Setting capacity payments is not easy, since
such payments are tied to the estimated cost of building new units
that would meet reserve margin and target portfolio requirements.
With considerable upward pressure on engineering, procurement and
construction costs, as well as uncertainty about future
environmental standards, these costs are difficult to estimate.
Additionally, capacity payments are often too low to foster
investment in new generation. This was the case in New England and
for PJM Interconnection, where capacity markets were able to fund
only the maintenance of existing generation. Other states, including
Connecticut and New Jersey, are now developing new capacity
instruments to encourage investments in new generation.

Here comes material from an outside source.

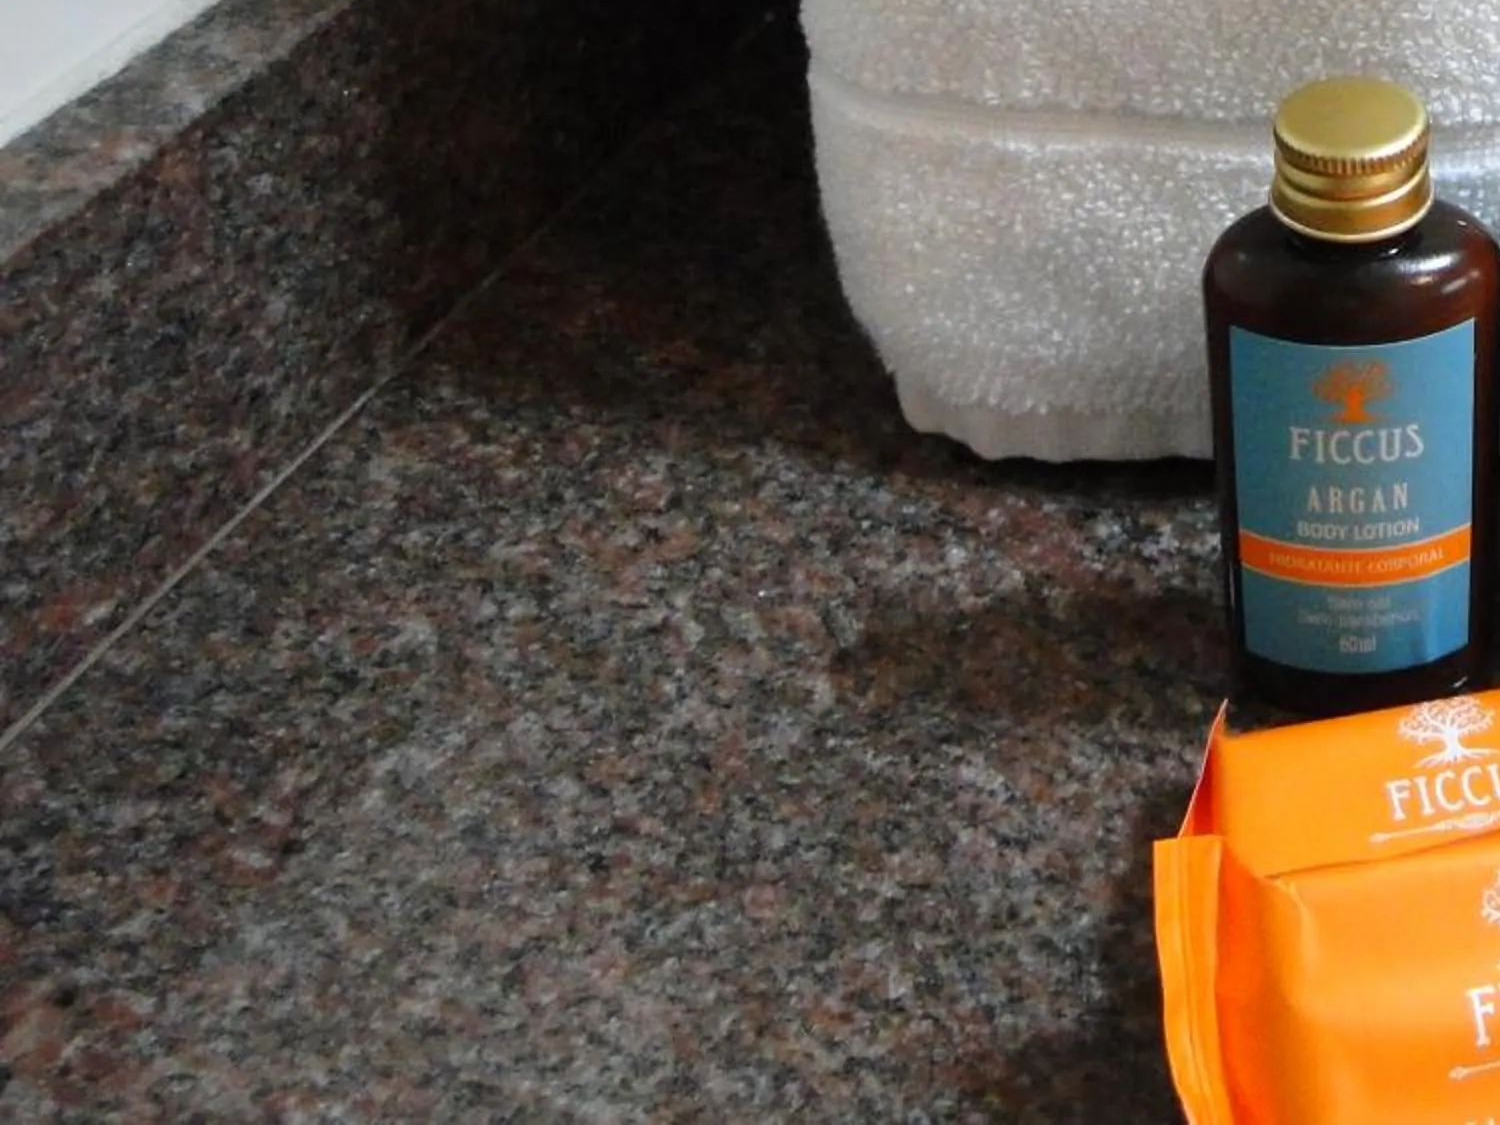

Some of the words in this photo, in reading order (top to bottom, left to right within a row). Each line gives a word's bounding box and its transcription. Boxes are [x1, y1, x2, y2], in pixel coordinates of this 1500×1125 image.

[1289, 423, 1425, 465] FICCUS
[1307, 482, 1409, 514] ARGAN
[1297, 520, 1347, 541] BODY
[1353, 517, 1420, 540] LOTION

This is
welcome news. However, the lack of homogeneity across states may
make the implementation of a true capacity market more complicated.

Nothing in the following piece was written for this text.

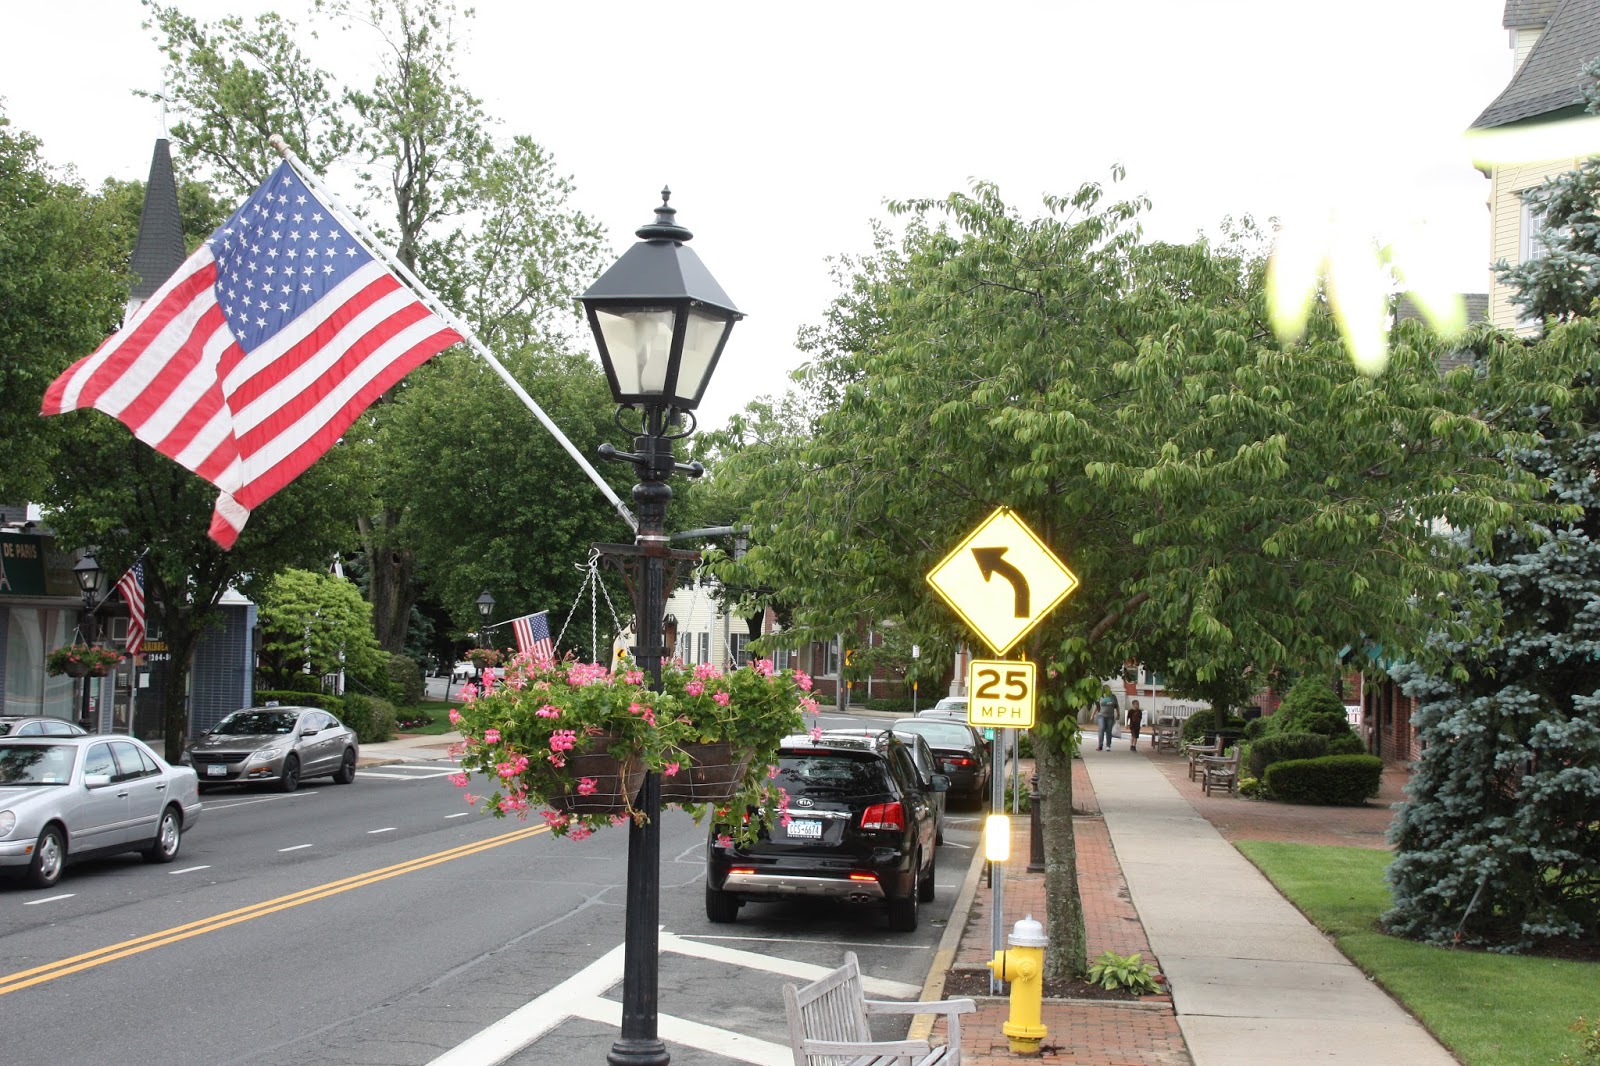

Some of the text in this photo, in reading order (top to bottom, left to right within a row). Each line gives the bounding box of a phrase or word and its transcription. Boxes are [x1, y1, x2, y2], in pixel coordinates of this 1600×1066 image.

[3, 543, 37, 558] DE PARIS
[976, 669, 1028, 701] 25
[982, 706, 1021, 718] MPH

- Re-regulation approach. This approach is based on the
premise that some states -- discontented with the failure of
deregulation to lower power prices -- would take steps to create a
"re-regulated" environment. In such cases, individual utilities
would need to demonstrate not only the need for investment in new
power generation, but also a plan to recover investment costs.
Currently, Accenture does not believe that any fully deregulated
state will actually turn back the clock on competition. However, in
states where market transitions are less advanced, regulation might
come back into favor. This seems to be happening in Virginia. In
December 2007, the state's main utility, Dominion Virginia Power,
floated a proposal to end rate caps and return to a cost-of-service
based model that would allow the utility to build new generation.
This was, in effect, an invitation for the state to embrace a
regulated model, rather than relying on the newly formed capacity
markets in PJM Interconnection to incentivize new generation.
Another possible outcome of re-regulation might be the creation
of hybrid market models. Such models would develop new supply from a
blend of utility and contracted merchant plants. The clear winners
in these hybrid model scenarios would be the regulated utilities in
the affected states, since the growth opportunities for merchants
would be significantly reduced. The major problem with this approach
is that new generation would be built based on the need and the
ability of utilities to gain recovery of the investment; the
incentives might encourage utilities to overbuild.
Moving forwardAccenture believes there will be a correction of
existing generation prices before the next building cycle begins. Longer
lead times, combined with higher costs associated with building new
generating facilities, have led industry executives to revalue their
existing plants. But the gap between the building and buying options is
still wide enough to encourage asset transactions instead of new
building, particularly when it comes to gas-related assets. When the gap
between building and buying assets closes, new generation will be built.
Despite the possible scenarios outlined above, Accenture believes
that new generation will be built under different regulatory compacts
and using different market solutions. One thing, however, is certain:
The industry is unlikely to put all its eggs in one basket. Ultimately,
a mix of plant types will be pursued, including gas baseload, coal,
(longer-term) nuclear, and renewables. The first wave of new plants will
most likely be constructed by regulated utilities. For their part,
unregulated generators will try to ride the wave of market heat rate and
spark spread since they will be unwilling to commit to new construction
without creditworthy, long-term off-take agreements.